--- MATERIAL FOR THE TASK Enclosed Below ---
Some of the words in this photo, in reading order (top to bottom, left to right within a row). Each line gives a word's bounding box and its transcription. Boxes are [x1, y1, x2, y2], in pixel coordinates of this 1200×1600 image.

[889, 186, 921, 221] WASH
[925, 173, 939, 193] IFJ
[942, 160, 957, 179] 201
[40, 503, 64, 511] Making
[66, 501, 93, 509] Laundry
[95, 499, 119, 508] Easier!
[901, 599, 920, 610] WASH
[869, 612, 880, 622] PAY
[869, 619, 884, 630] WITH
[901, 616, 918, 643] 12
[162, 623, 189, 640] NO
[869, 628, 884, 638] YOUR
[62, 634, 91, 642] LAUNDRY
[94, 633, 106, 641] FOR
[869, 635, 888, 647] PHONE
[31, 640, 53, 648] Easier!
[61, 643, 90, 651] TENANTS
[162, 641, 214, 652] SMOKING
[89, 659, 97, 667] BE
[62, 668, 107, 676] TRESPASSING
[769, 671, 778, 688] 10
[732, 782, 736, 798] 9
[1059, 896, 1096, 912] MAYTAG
--- End of Enclosed MATERIAL FOR THE TASK ---
_EXERCISE OBJECTIVE_:
Reproduce, please, every line of the records above without alteration.

_ANSWER BELOW_:
Some of the words in this photo, in reading order (top to bottom, left to right within a row). Each line gives a word's bounding box and its transcription. Boxes are [x1, y1, x2, y2], in pixel coordinates of this 1200×1600 image.

[889, 186, 921, 221] WASH
[925, 173, 939, 193] IFJ
[942, 160, 957, 179] 201
[40, 503, 64, 511] Making
[66, 501, 93, 509] Laundry
[95, 499, 119, 508] Easier!
[901, 599, 920, 610] WASH
[869, 612, 880, 622] PAY
[869, 619, 884, 630] WITH
[901, 616, 918, 643] 12
[162, 623, 189, 640] NO
[869, 628, 884, 638] YOUR
[62, 634, 91, 642] LAUNDRY
[94, 633, 106, 641] FOR
[869, 635, 888, 647] PHONE
[31, 640, 53, 648] Easier!
[61, 643, 90, 651] TENANTS
[162, 641, 214, 652] SMOKING
[89, 659, 97, 667] BE
[62, 668, 107, 676] TRESPASSING
[769, 671, 778, 688] 10
[732, 782, 736, 798] 9
[1059, 896, 1096, 912] MAYTAG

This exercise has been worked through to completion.